Kaito, chest bursting open as a sniper blast tore through him. Blood soaking his shirt as he dropped to his knees, his blaster slipping from his hand. And then the finishing shot, straight to the head.
“No… no no no—” My breath hitched, and I realized my hands were trembling. The tears I’d been holding back broke loose.
And then I saw him, the guard in the corner, leveling a heavy sniper blaster right at Kaito.
I didn’t think. I didn’t weigh the risks. I just moved.
“YUZUKI, NO!” Rin screamed as I tore free from her grip and sprinted into the open.
Everything slowed. My lungs burned, my legs felt like they’d shatter, but I ran anyway.
Kaito saw the sniper aiming and froze, realizing he couldn’t dodge in time. His eyes widened as he braced for the shot.
The guard fired.
The blast never reached him.
Instead, it cracked against a shimmering wall of blue light. A forcefield.
My forcefield.
I stood between Kaito and the sniper, arms raised, palms glowing with a raw energy I didn’t even understand. The barrier flickered, trembling under the impact of the blast, but it held.
“What the hell?” Kaito muttered, stunned. His blaster lowered for a moment as his eyes darted to me.

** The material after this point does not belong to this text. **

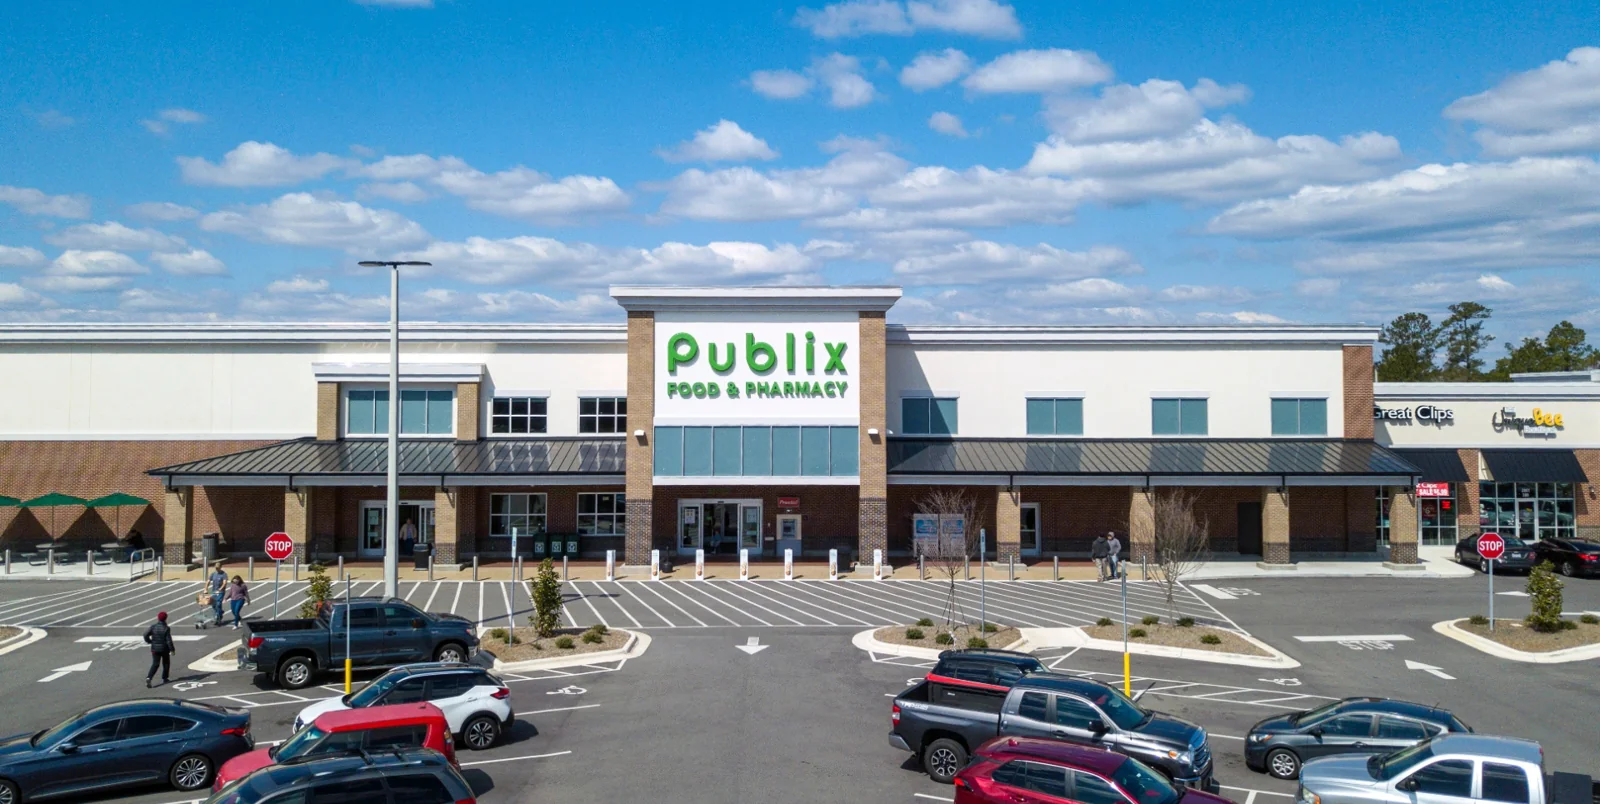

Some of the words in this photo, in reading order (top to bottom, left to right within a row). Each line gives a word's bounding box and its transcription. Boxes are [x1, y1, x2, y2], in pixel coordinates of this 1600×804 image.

Behind him, even the guards stopped firing, stunned by the sight. “She, she’s got powers?! What the fuck?!” one of them shouted.
I gritted my teeth, my arms shaking violently as the forcefield absorbed another round of gunfire. It felt like lifting a mountain. Pain lanced through my arms, but I forced a smile over my shoulder.
“I’ve got this,” I managed, my voice trembling.
Kaito’s expression darkened, shock, awe, and worry all tangled together. “Yuzuki… hold on.”
I didn’t answer. Couldn’t. Every ounce of my will was focused on keeping that shimmering wall up between him and death.
Inside, my thoughts were screaming. Is this… my Warlock power? Is this what it’s supposed to be?
I didn’t know how long I could last. But I knew one thing: I wasn’t going to let him fall. Not while I was still breathing.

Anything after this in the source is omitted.